SS Torrey Canyon was an LR2 Suezmax Class oil tanker with a cargo capacity for 120,000 tons of crude oil. She was shipwrecked off the western coast of Cornwall, England in March 1967, causing an environmental disaster. At that time she was the largest vessel ever to be wrecked.

Design and history[edit]

When laid down by the Newport News Shipbuilding and Drydock Company in the USA in 1959, she had a capacity of 60,000 tons. However, the ship was later enlarged in Japan to 120,000 tons capacity. At the time of the shipwreck she was owned by Barracuda Tanker Corporation, a subsidiary of the Union Oil Company of California, and registered in Liberia[1] but chartered to British Petroleum. She was 974.4 feet (297.0 m) long, 125.4 feet (38.2 m) beam and 68.7 feet (20.9 m) draught.

Accident and oil spill[edit]

The ship left the Kuwait National Petroleum Company refinery at Mina al-Ahmadi on her final voyage on 19 February 1967 with full cargo of crude oil, reaching the Canary Islands by 14 March. From there the planned route was to Milford Haven in Wales.
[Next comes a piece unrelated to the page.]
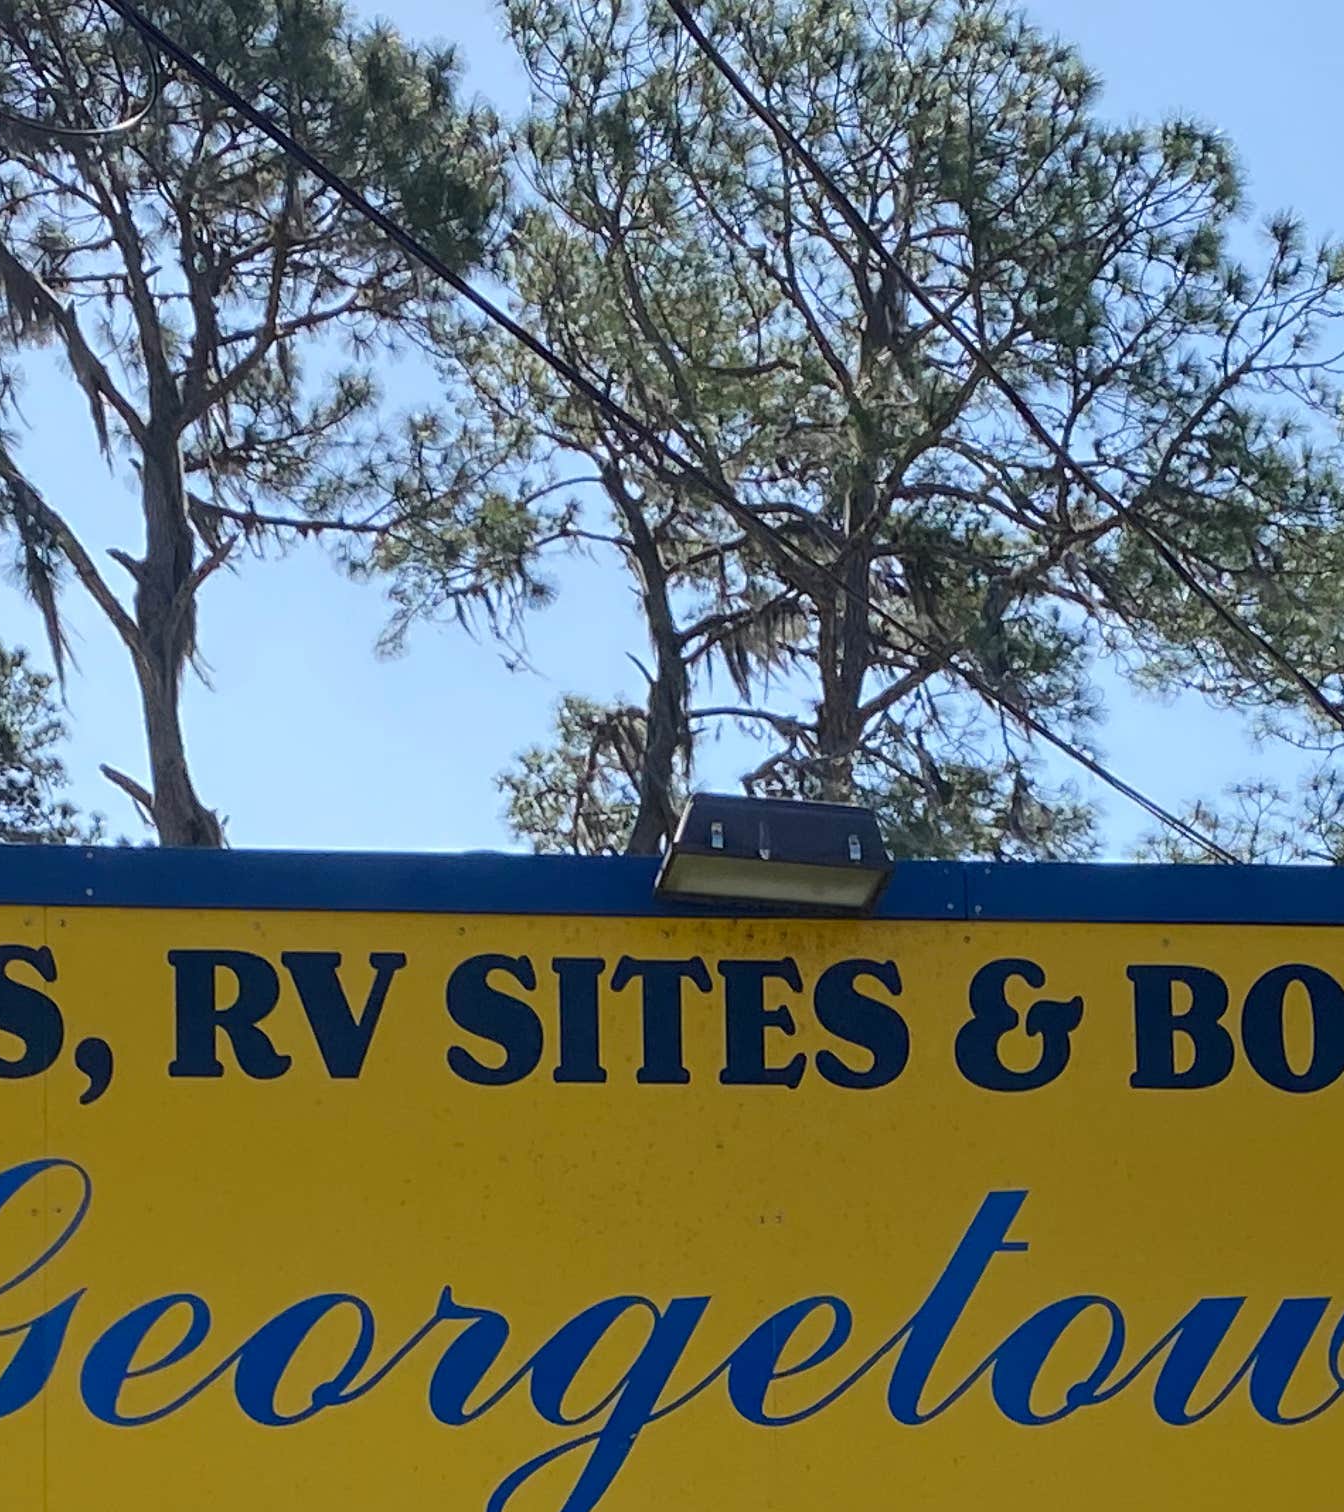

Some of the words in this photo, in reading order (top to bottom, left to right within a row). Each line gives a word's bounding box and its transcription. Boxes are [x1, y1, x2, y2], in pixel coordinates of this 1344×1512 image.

[168, 949, 408, 1080] RV
[445, 953, 910, 1091] SITES
[954, 958, 1084, 1092] &
On 18 March 1967, Torrey Canyon struck Pollard's Rock on Seven Stones reef between the Cornish mainland and the Isles of Scilly. An inquiry in Liberia, where the ship was registered, found Shipmaster Pastrengo Rugiati was to blame, because he took a shortcut to save time to get to Milford Haven. Additionally a design fault meant that the helmsman was unaware that the steering selector switch had been accidentally left on autopilot and hence was unable to carry out a timely turn to go through the shipping channel.[2]
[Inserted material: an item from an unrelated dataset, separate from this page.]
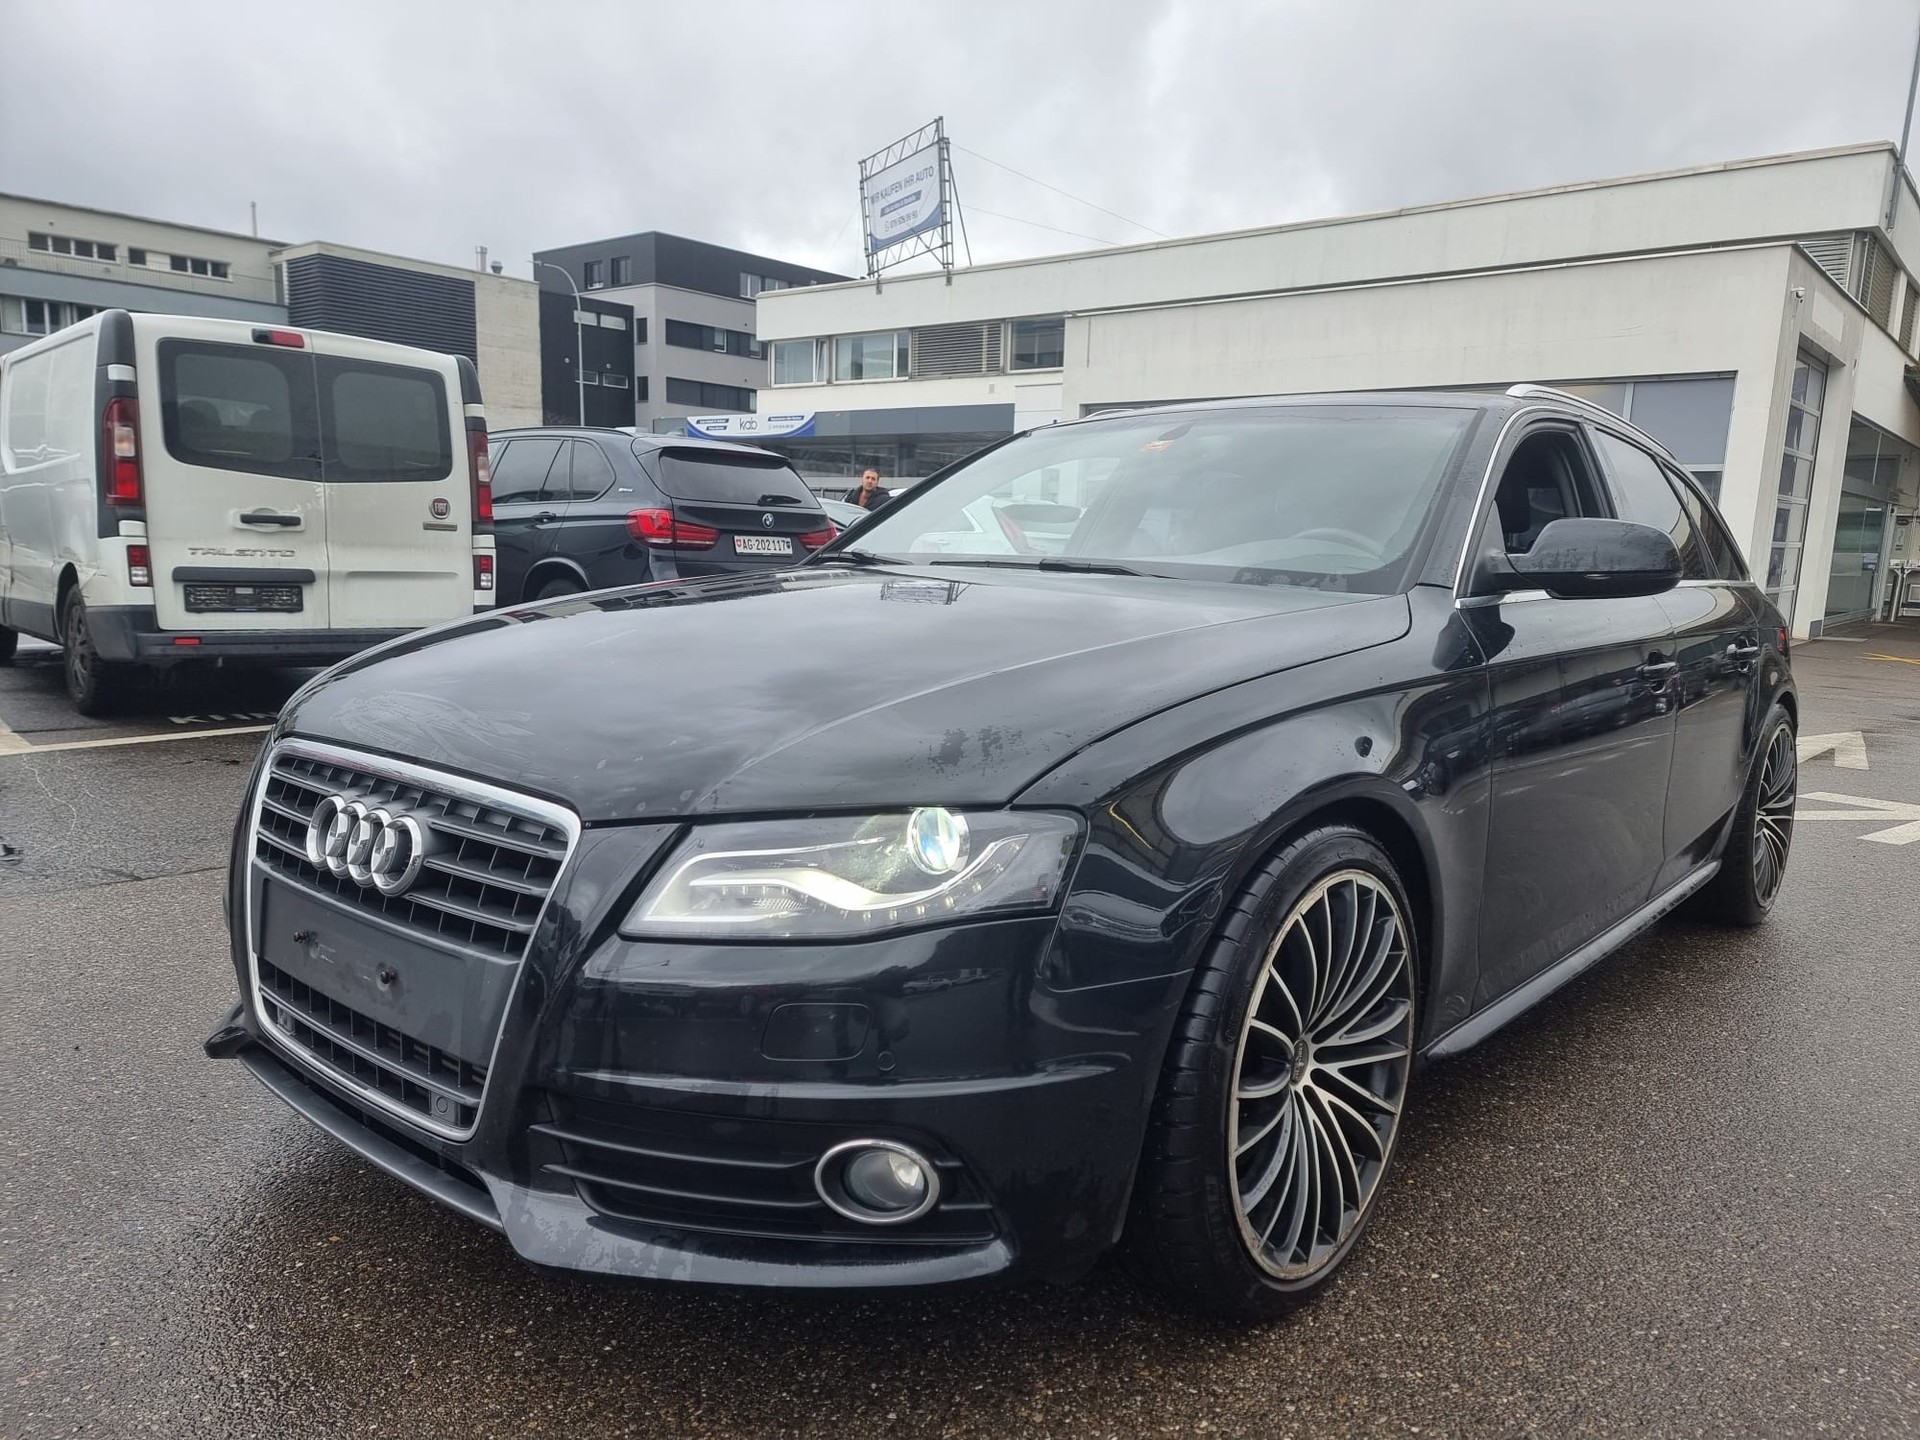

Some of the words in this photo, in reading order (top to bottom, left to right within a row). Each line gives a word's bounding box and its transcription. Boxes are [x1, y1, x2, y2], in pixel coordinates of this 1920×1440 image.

[880, 180, 903, 199] KAUFEN
[915, 165, 934, 182] AUTO
[739, 417, 758, 431] kab
[187, 547, 295, 557] TALENTO
On 28 March 1967 the Fleet Air Arm sent Blackburn Buccaneer strike aircraft from RNAS Lossiemouth to drop forty-two 1,000 lb bombs on the ship. Then, the Royal Air Force sent Hawker Hunter jets from RAF Chivenor to drop cans of aviation fuel to make the oil blaze.[3] However, exceptionally high tides put the fire out[clarification needed] and it took further effort by Fleet Air Arm de Havilland Sea Vixens from RNAS Yeovilton and Buccaneers from the Naval Air Station at Brawdy, as well as more RAF Hunters with liquified petroleum jelly (not napalm, as HMG denied that the UK forces had stocks of napalm)[citation needed], to ignite the oil. Attempts to use foam booms to contain the oil were of limited success due to their fragility in high seas. Bombing continued into the next day before Torrey Canyon finally sank.[4]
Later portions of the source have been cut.